- Work instructions:
Make an exact copy of all the entries, with the pictures left out.

- Provided data:
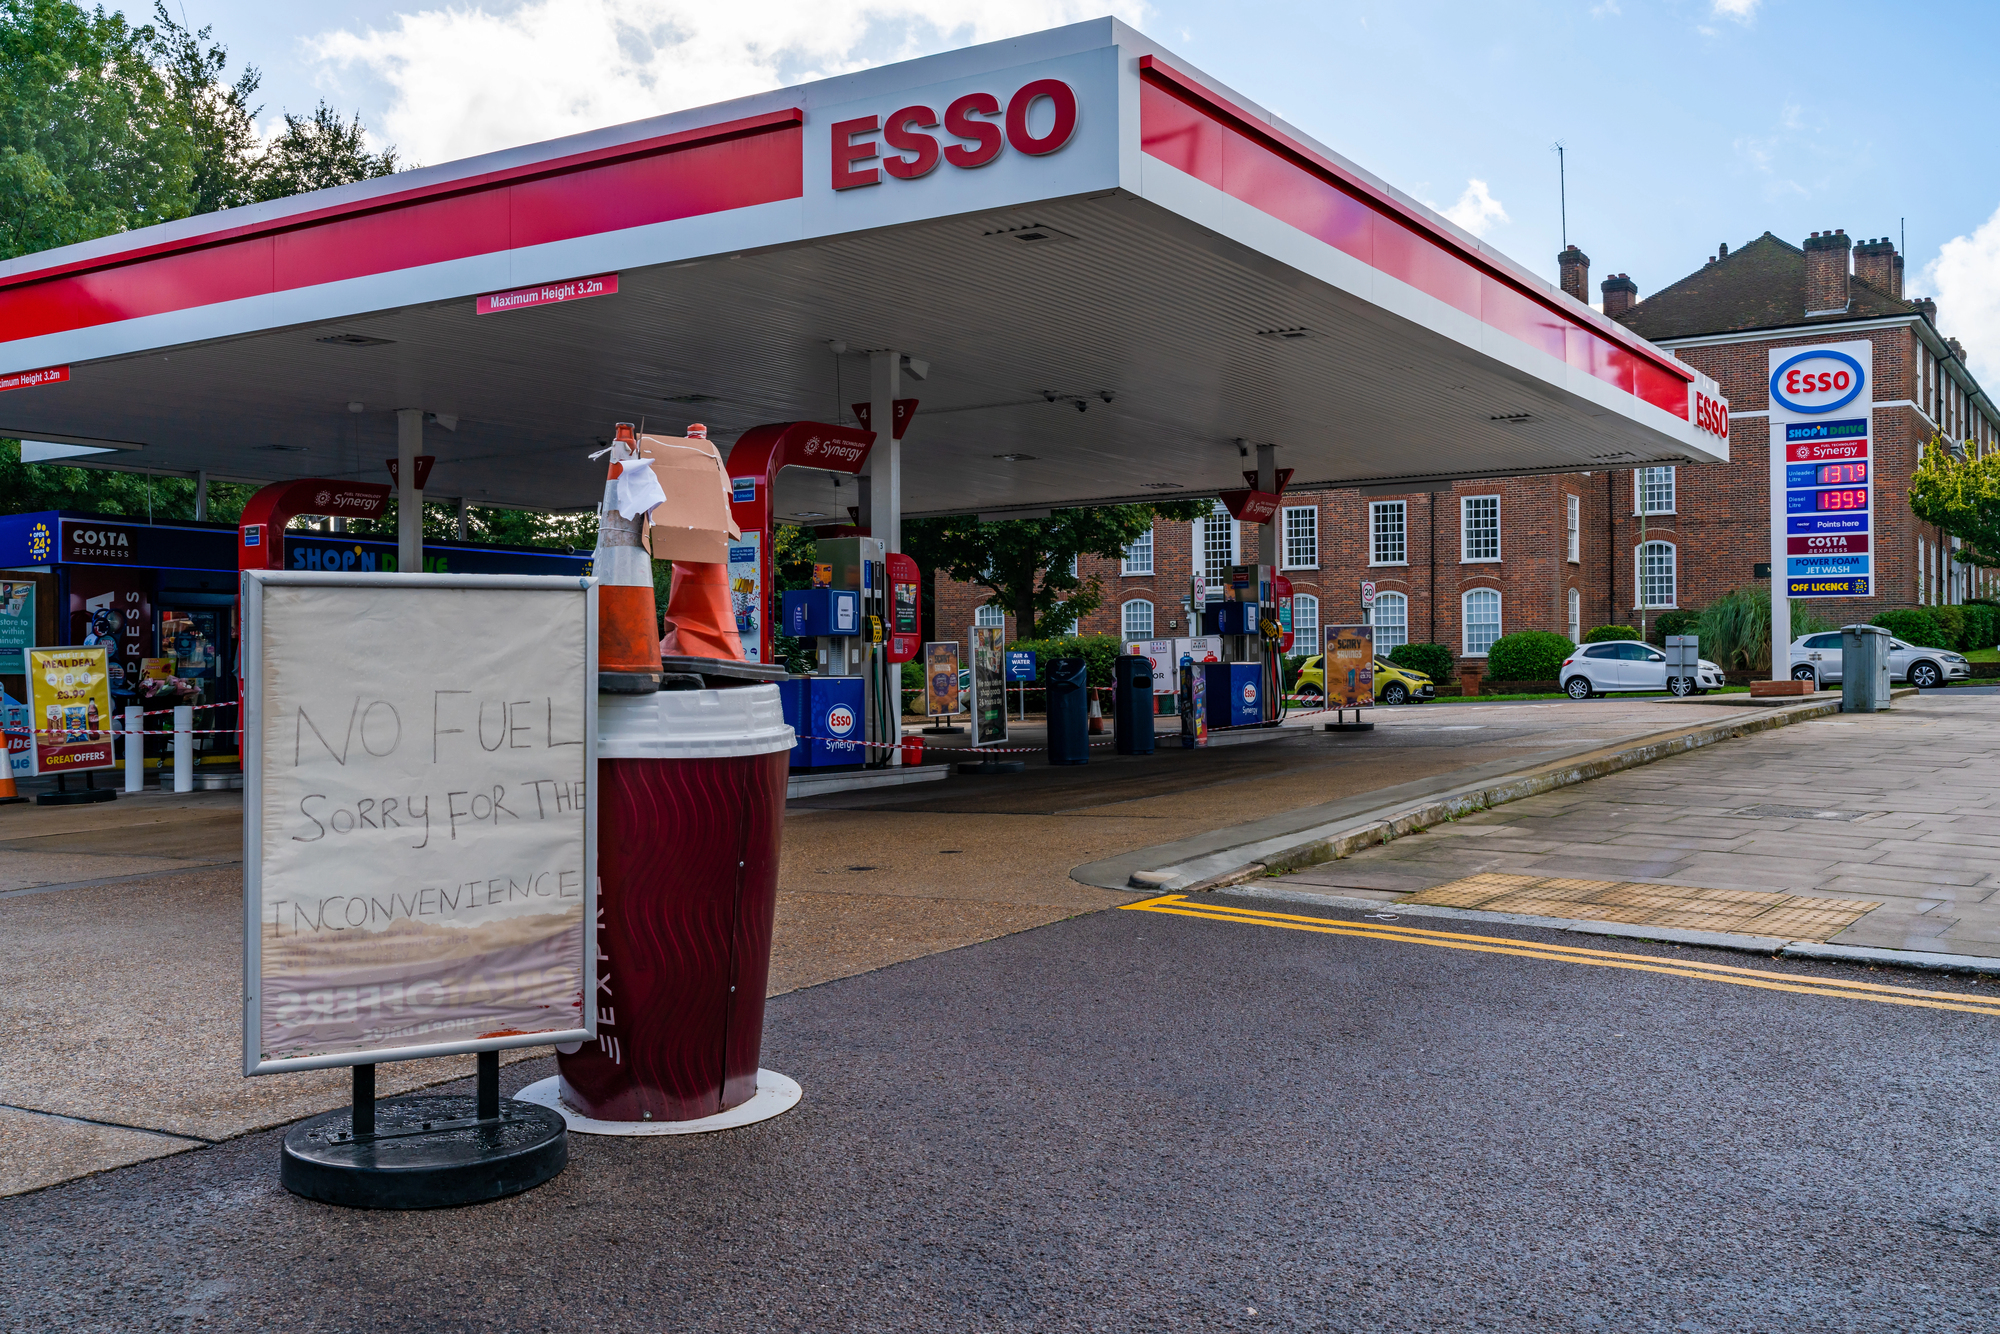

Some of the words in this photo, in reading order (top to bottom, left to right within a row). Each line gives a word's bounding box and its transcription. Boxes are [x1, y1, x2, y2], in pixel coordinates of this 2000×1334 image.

[831, 78, 1079, 191] ESSO
[490, 292, 539, 308] Maximum
[541, 284, 575, 300] Height
[578, 280, 603, 294] 3.2m
[20, 373, 43, 385] Height
[44, 370, 60, 381] 3.2m
[860, 408, 868, 419] 4
[897, 405, 904, 417] 3
[1696, 391, 1729, 438] ESSO
[1788, 425, 1828, 438] SHOP'N
[1829, 424, 1865, 435] DRIVE
[820, 441, 863, 462] Synergy
[1813, 446, 1858, 458] Synergy
[391, 463, 398, 474] 8
[417, 461, 423, 471] 7
[1249, 474, 1255, 483] 2
[1278, 473, 1284, 482] 1
[1824, 463, 1866, 483] 137.9
[333, 494, 379, 510] Synergy
[1824, 489, 1866, 509] 139.9
[33, 537, 46, 550] 24
[73, 529, 129, 547] COSTA
[1807, 537, 1848, 547] COSTA
[879, 541, 884, 550] 3
[82, 548, 129, 558] EXPRESS
[293, 545, 376, 573] SHOP'N
[381, 552, 448, 575] DVE
[1795, 558, 1830, 566] POWER
[1832, 557, 1860, 565] FOAM
[732, 578, 755, 594] WIN
[1197, 584, 1203, 595] 20
[1364, 588, 1373, 596] 20
[1791, 583, 1809, 592] OFF
[1811, 582, 1849, 591] LICENCE
[1, 627, 25, 635] within
[126, 592, 140, 705] XPRESS
[1337, 639, 1361, 649] SCARY
[1337, 650, 1362, 659] SAVINGS
[42, 660, 69, 669] MEAL
[71, 658, 96, 668] DEAL
[57, 689, 85, 700] £3.99
[1242, 706, 1258, 715] Synergy
[295, 695, 401, 767] NO
[433, 690, 584, 764] FUEL
[826, 740, 855, 752] Synergy
[292, 794, 429, 849] SORRY
[447, 785, 519, 840] FOR
[521, 780, 586, 819] THE
[268, 871, 579, 938] INCONVENIENCE
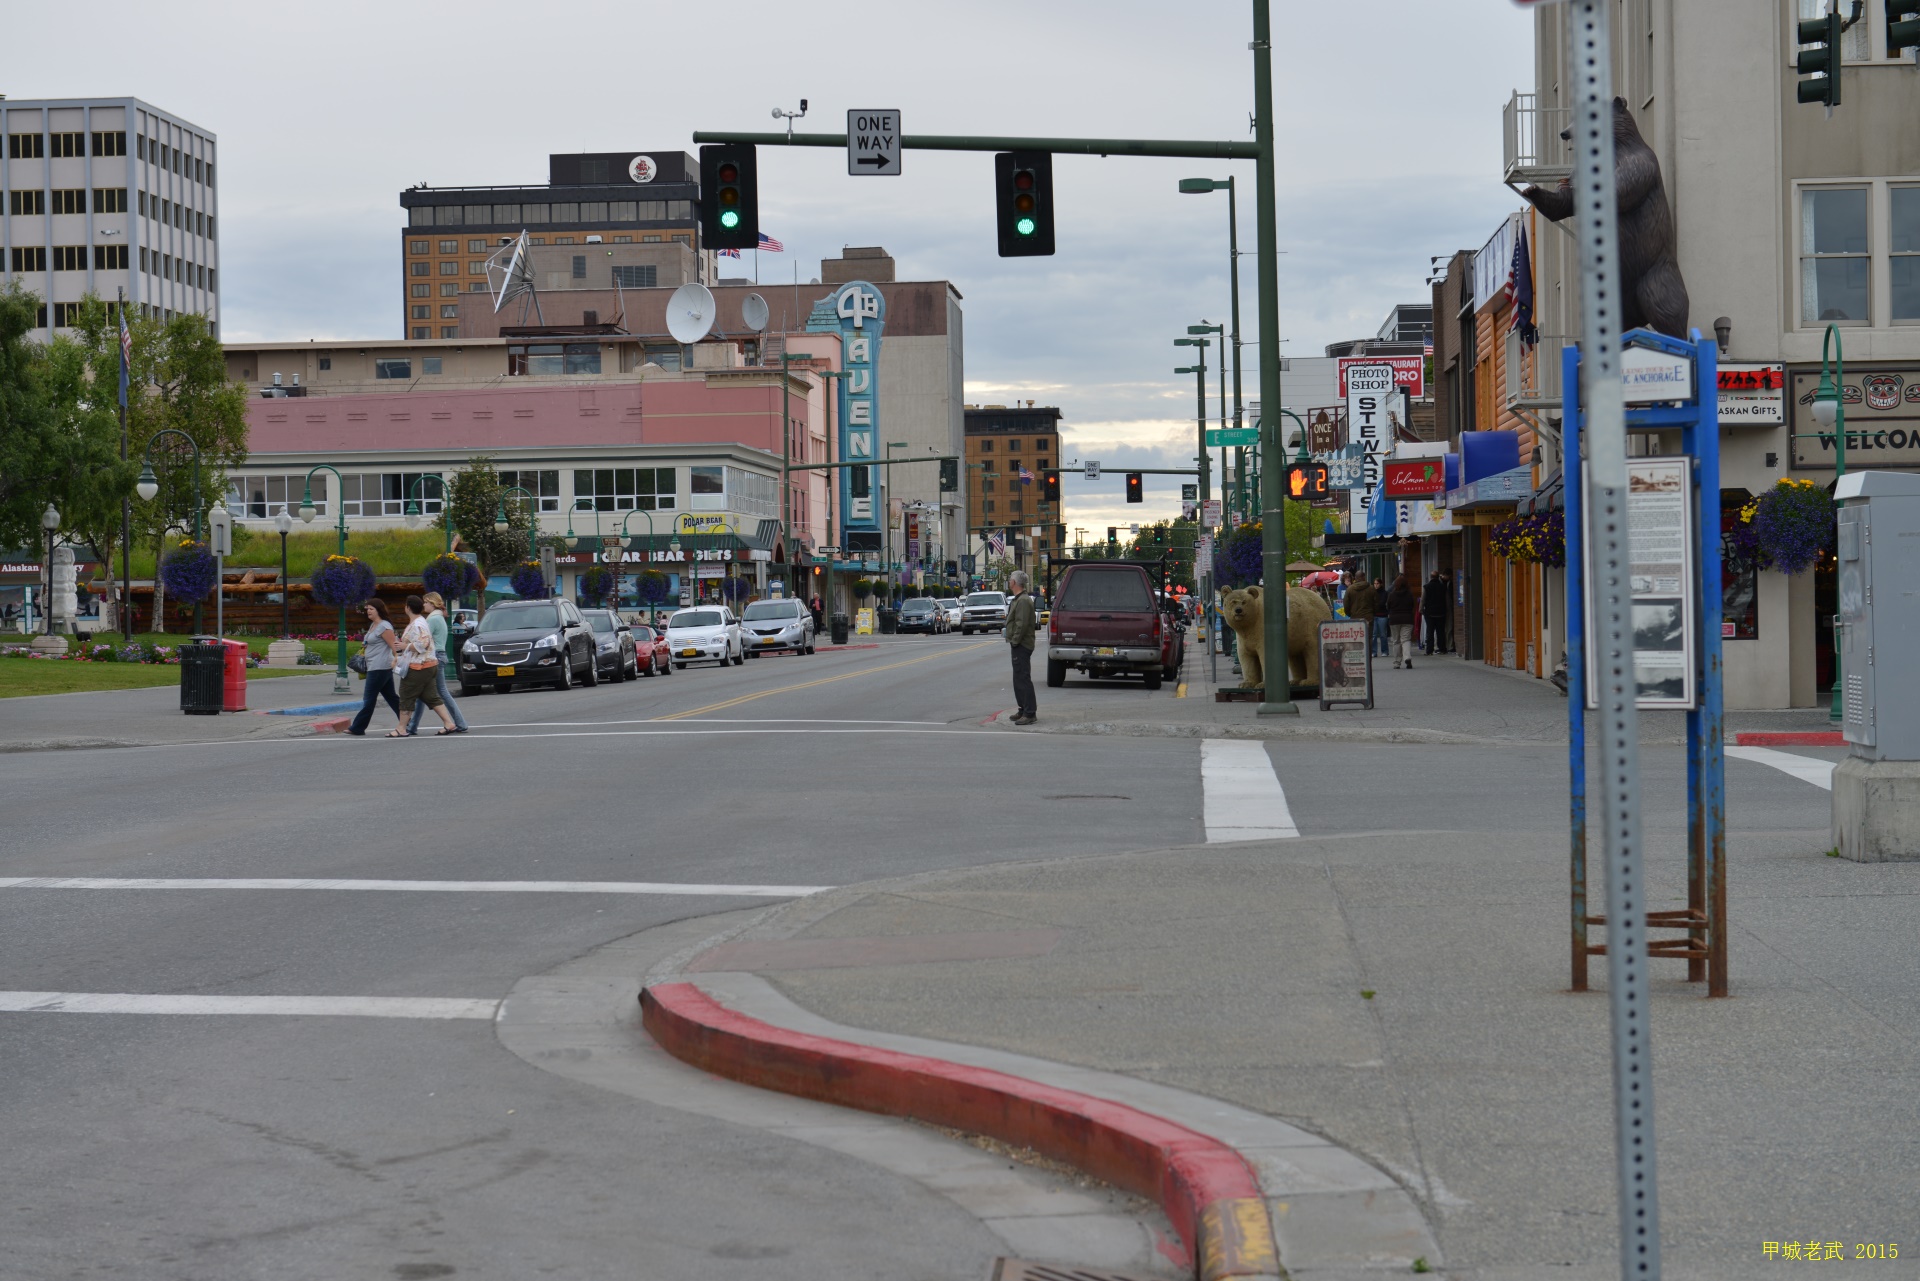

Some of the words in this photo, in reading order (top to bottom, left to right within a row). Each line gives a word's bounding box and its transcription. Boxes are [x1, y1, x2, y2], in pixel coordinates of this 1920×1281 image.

[857, 116, 892, 131] ONE
[857, 136, 893, 150] WAY
[1351, 369, 1389, 379] PHOTO
[1634, 365, 1684, 384] ANCHORAGE
[1351, 381, 1389, 390] SHOP
[848, 338, 873, 520] AVENE
[1314, 423, 1332, 433] ONCE
[1214, 432, 1220, 444] E
[1357, 397, 1380, 509] STEWARTS
[1316, 468, 1326, 492] 2
[1392, 471, 1424, 485] Salmon
[693, 549, 732, 561] GITS
[1, 563, 39, 572] Alaskan
[1322, 626, 1365, 641] Grizzly's

- Answer to the problem:
Some of the words in this photo, in reading order (top to bottom, left to right within a row). Each line gives a word's bounding box and its transcription. Boxes are [x1, y1, x2, y2], in pixel coordinates of this 2000×1334 image.

[831, 78, 1079, 191] ESSO
[490, 292, 539, 308] Maximum
[541, 284, 575, 300] Height
[578, 280, 603, 294] 3.2m
[20, 373, 43, 385] Height
[44, 370, 60, 381] 3.2m
[860, 408, 868, 419] 4
[897, 405, 904, 417] 3
[1696, 391, 1729, 438] ESSO
[1788, 425, 1828, 438] SHOP'N
[1829, 424, 1865, 435] DRIVE
[820, 441, 863, 462] Synergy
[1813, 446, 1858, 458] Synergy
[391, 463, 398, 474] 8
[417, 461, 423, 471] 7
[1249, 474, 1255, 483] 2
[1278, 473, 1284, 482] 1
[1824, 463, 1866, 483] 137.9
[333, 494, 379, 510] Synergy
[1824, 489, 1866, 509] 139.9
[33, 537, 46, 550] 24
[73, 529, 129, 547] COSTA
[1807, 537, 1848, 547] COSTA
[879, 541, 884, 550] 3
[82, 548, 129, 558] EXPRESS
[293, 545, 376, 573] SHOP'N
[381, 552, 448, 575] DVE
[1795, 558, 1830, 566] POWER
[1832, 557, 1860, 565] FOAM
[732, 578, 755, 594] WIN
[1197, 584, 1203, 595] 20
[1364, 588, 1373, 596] 20
[1791, 583, 1809, 592] OFF
[1811, 582, 1849, 591] LICENCE
[1, 627, 25, 635] within
[126, 592, 140, 705] XPRESS
[1337, 639, 1361, 649] SCARY
[1337, 650, 1362, 659] SAVINGS
[42, 660, 69, 669] MEAL
[71, 658, 96, 668] DEAL
[57, 689, 85, 700] £3.99
[1242, 706, 1258, 715] Synergy
[295, 695, 401, 767] NO
[433, 690, 584, 764] FUEL
[826, 740, 855, 752] Synergy
[292, 794, 429, 849] SORRY
[447, 785, 519, 840] FOR
[521, 780, 586, 819] THE
[268, 871, 579, 938] INCONVENIENCE

Some of the words in this photo, in reading order (top to bottom, left to right within a row). Each line gives a word's bounding box and its transcription. Boxes are [x1, y1, x2, y2], in pixel coordinates of this 1920×1281 image.

[857, 116, 892, 131] ONE
[857, 136, 893, 150] WAY
[1351, 369, 1389, 379] PHOTO
[1634, 365, 1684, 384] ANCHORAGE
[1351, 381, 1389, 390] SHOP
[848, 338, 873, 520] AVENE
[1314, 423, 1332, 433] ONCE
[1214, 432, 1220, 444] E
[1357, 397, 1380, 509] STEWARTS
[1316, 468, 1326, 492] 2
[1392, 471, 1424, 485] Salmon
[693, 549, 732, 561] GITS
[1, 563, 39, 572] Alaskan
[1322, 626, 1365, 641] Grizzly's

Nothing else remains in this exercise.